Exercise prompt: Each line from the one containing "this 1334×1500 image." to the end of the records should be copied exactly, and no other line.

*** Task data ***

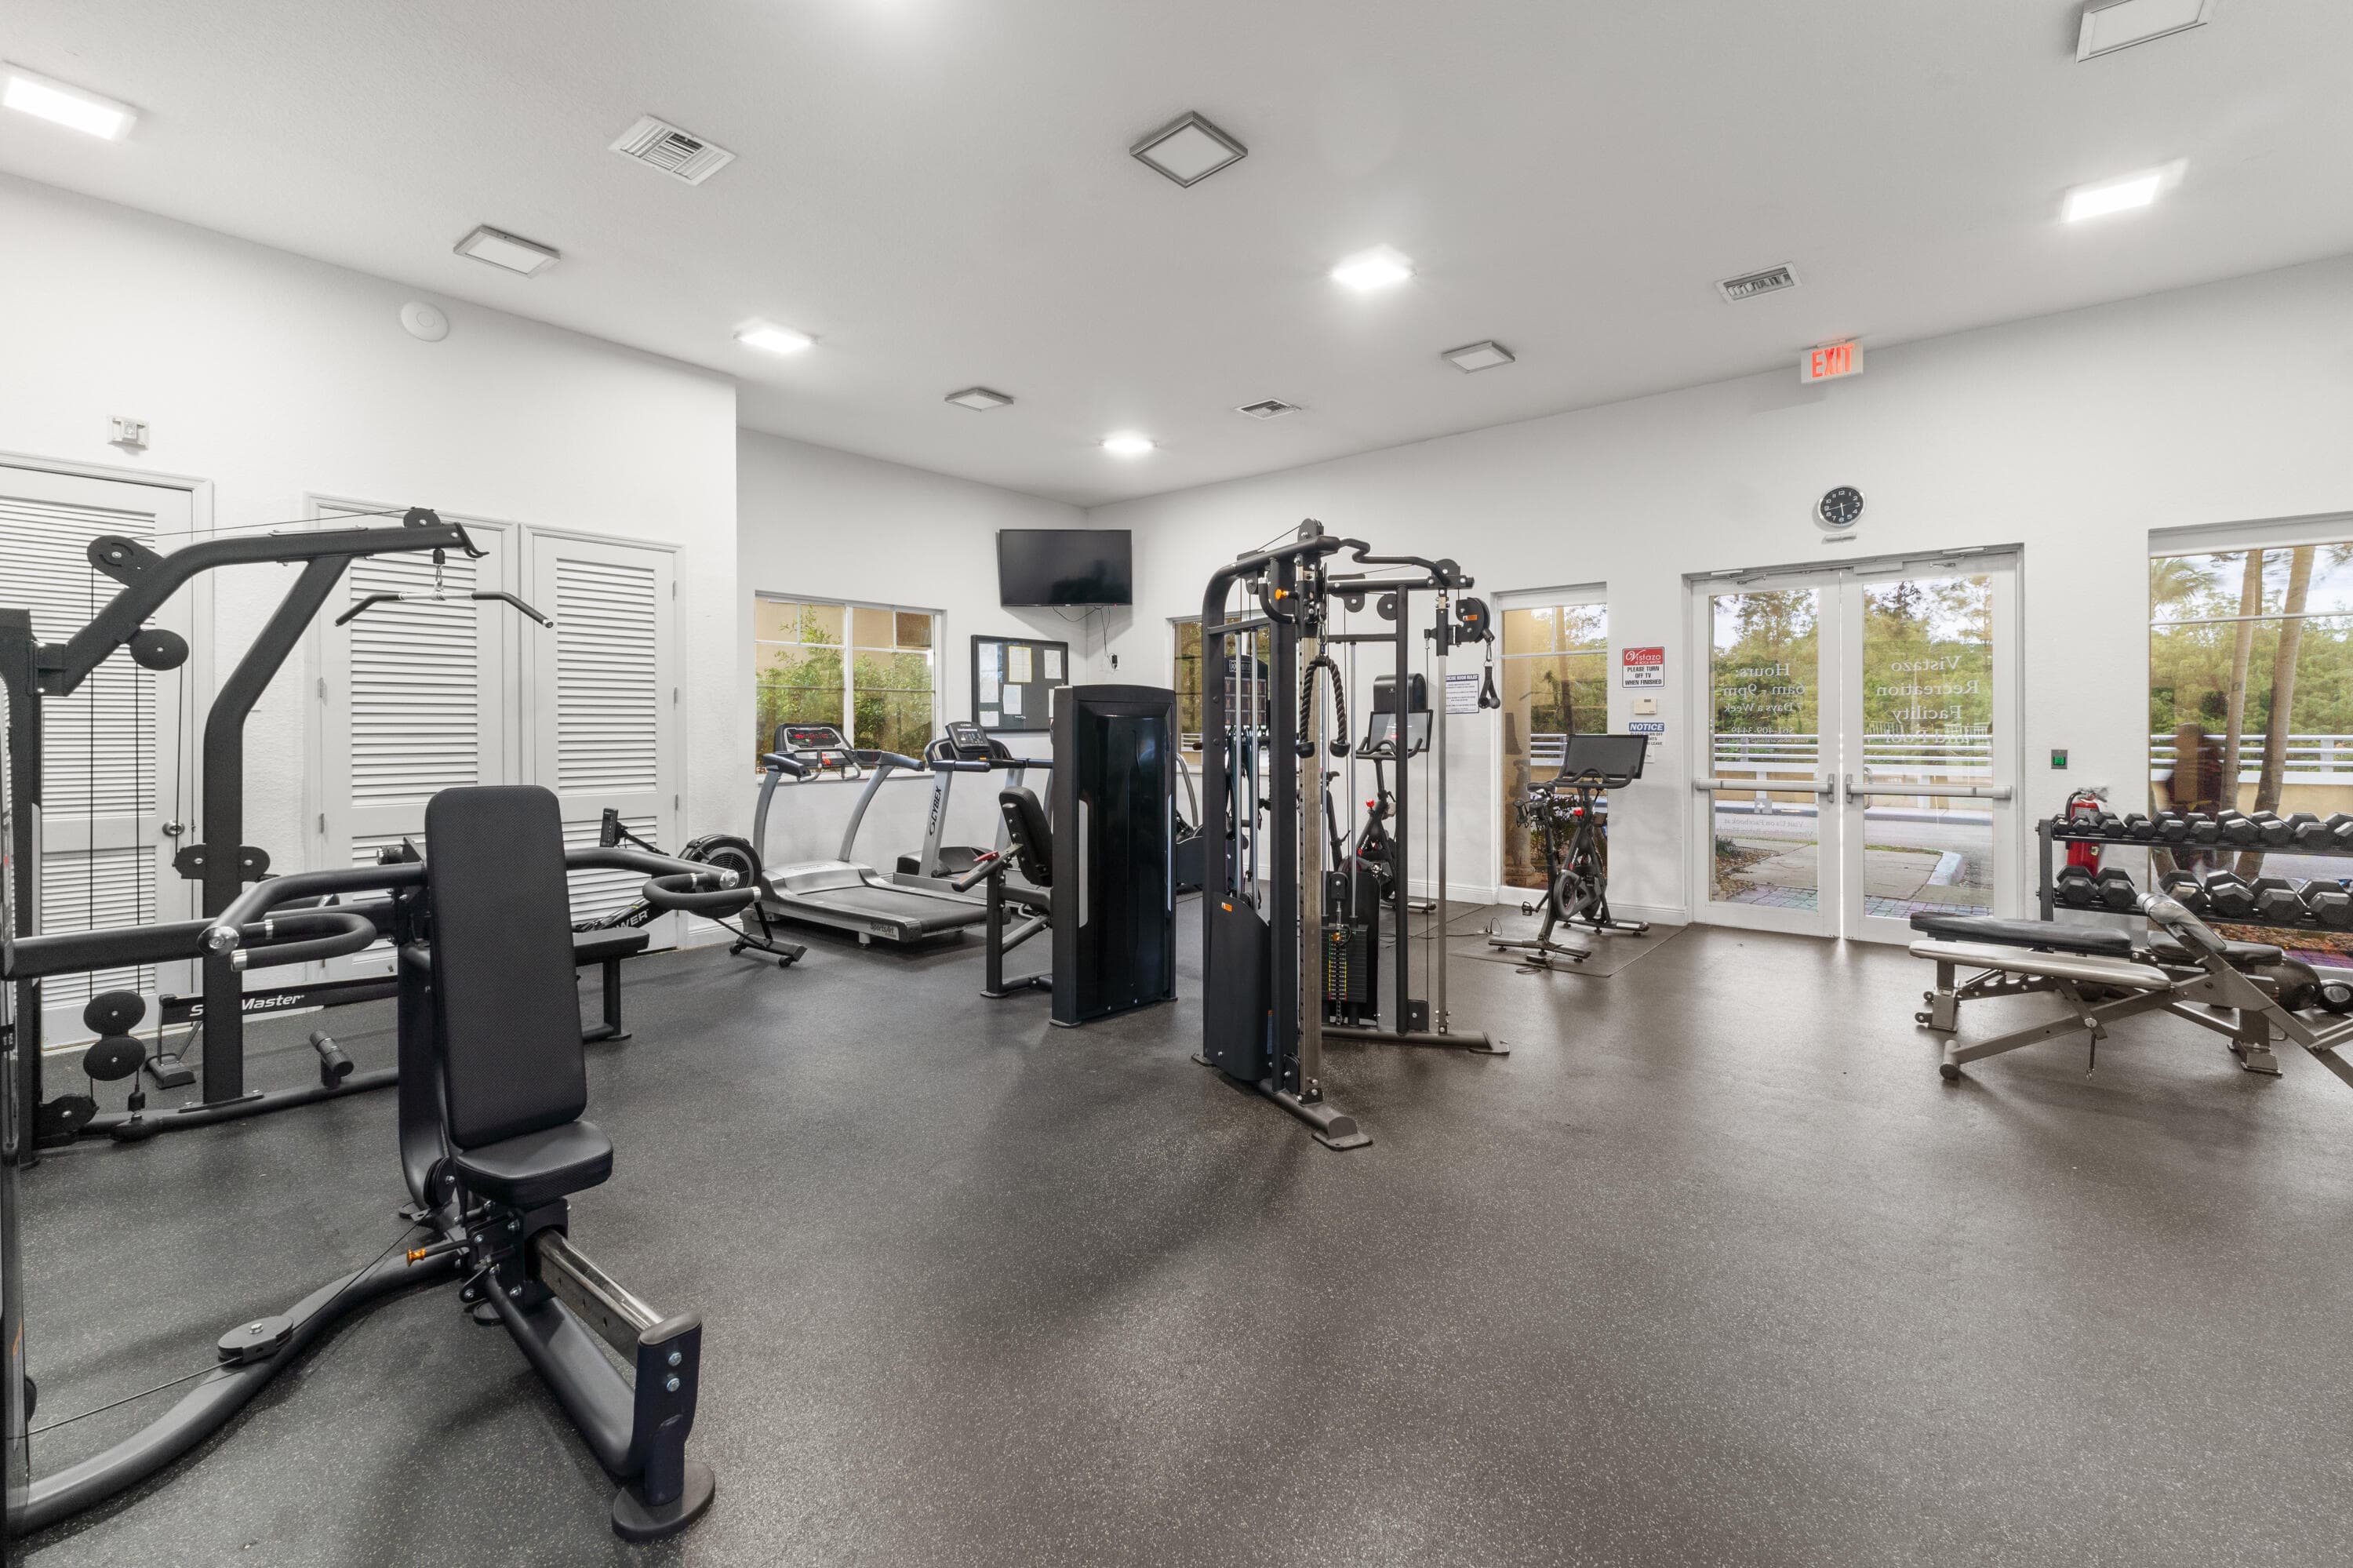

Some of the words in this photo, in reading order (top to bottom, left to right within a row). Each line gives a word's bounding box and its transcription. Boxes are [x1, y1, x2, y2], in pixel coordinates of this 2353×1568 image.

[1812, 344, 1855, 377] EXIT
[1625, 649, 1661, 661] Vistazo
[931, 785, 942, 822] CYBEX
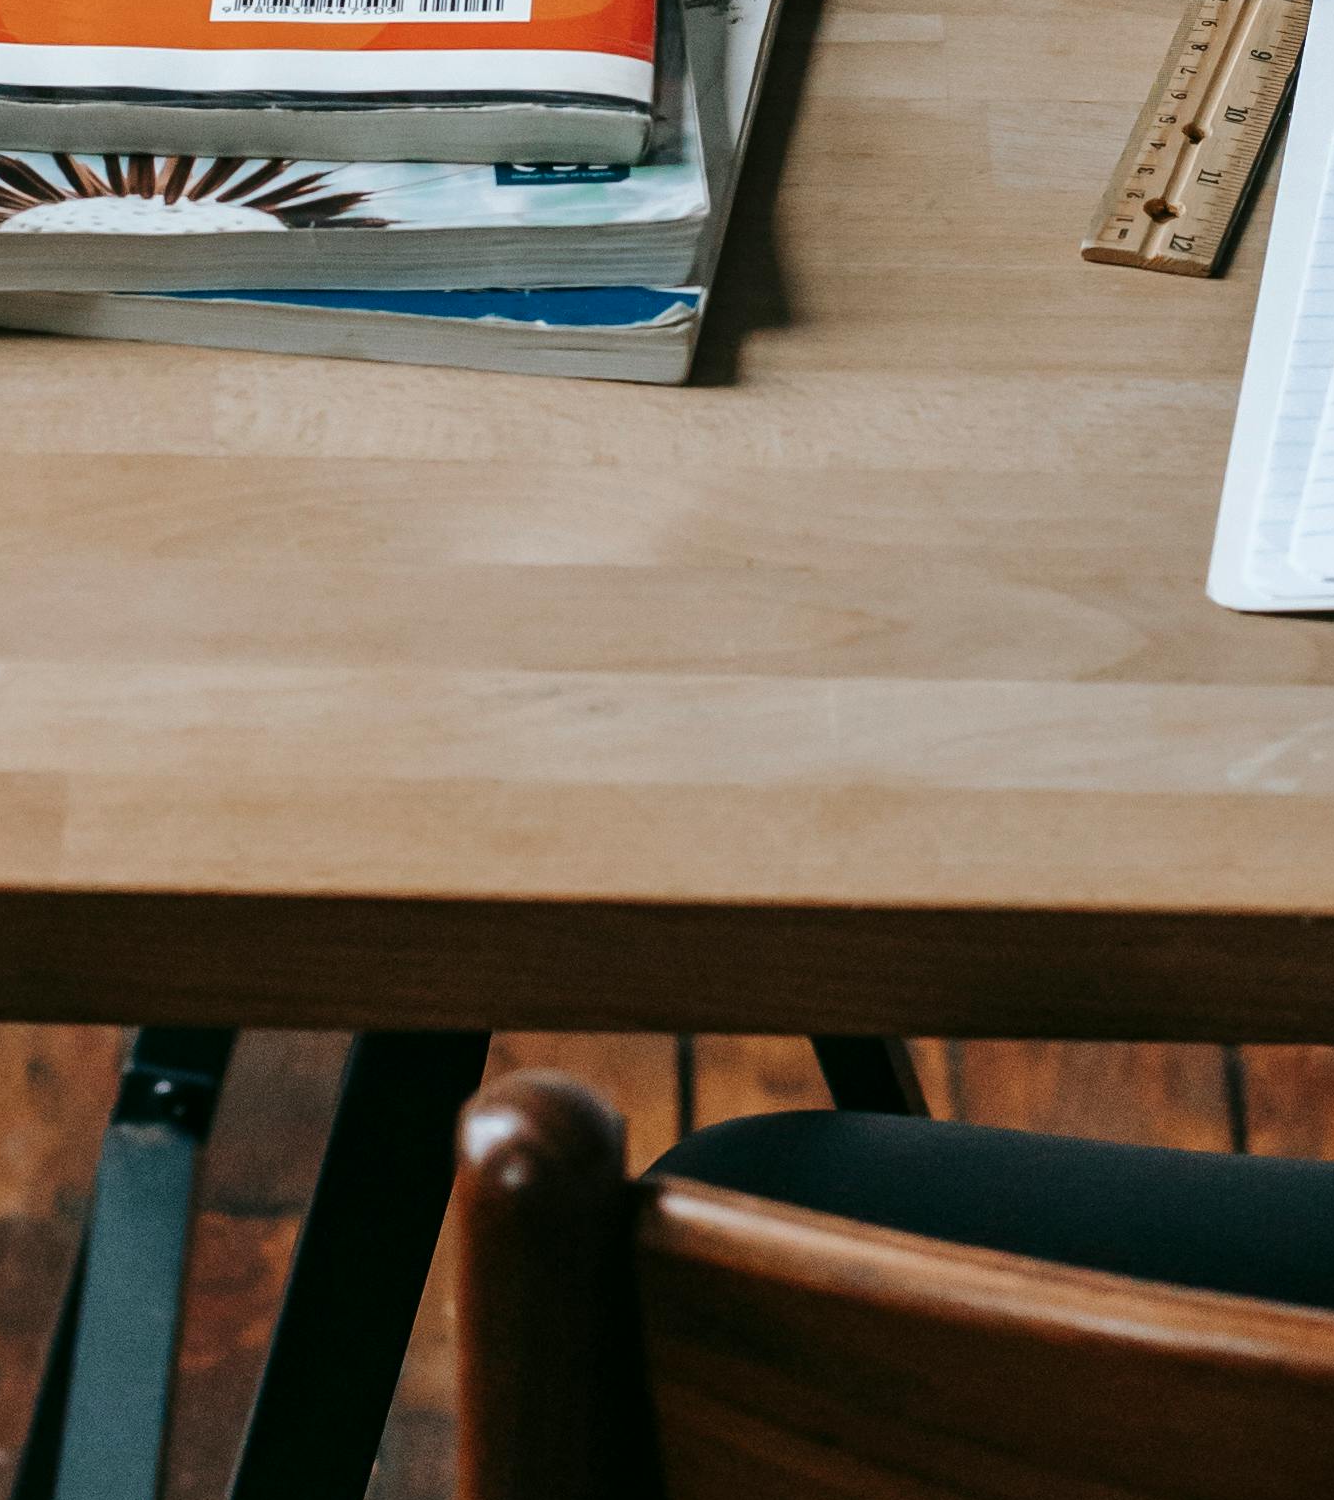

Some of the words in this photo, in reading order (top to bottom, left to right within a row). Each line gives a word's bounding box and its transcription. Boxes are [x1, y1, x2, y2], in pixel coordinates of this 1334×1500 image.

[1250, 49, 1273, 61] 9
[1137, 167, 1155, 176] 3
[1149, 140, 1166, 151] 4
[1159, 115, 1177, 125] 5
[1171, 91, 1187, 100] 6
[1181, 67, 1198, 76] 7
[1191, 43, 1209, 52] 8
[1201, 19, 1218, 28] 9
[1224, 105, 1249, 123] 10
[1197, 168, 1222, 185] 11
[1170, 233, 1195, 251] 12

*** End of Task data ***

Answer below:
Some of the words in this photo, in reading order (top to bottom, left to right within a row). Each line gives a word's bounding box and its transcription. Boxes are [x1, y1, x2, y2], in pixel coordinates of this 1334×1500 image.

[1250, 49, 1273, 61] 9
[1137, 167, 1155, 176] 3
[1149, 140, 1166, 151] 4
[1159, 115, 1177, 125] 5
[1171, 91, 1187, 100] 6
[1181, 67, 1198, 76] 7
[1191, 43, 1209, 52] 8
[1201, 19, 1218, 28] 9
[1224, 105, 1249, 123] 10
[1197, 168, 1222, 185] 11
[1170, 233, 1195, 251] 12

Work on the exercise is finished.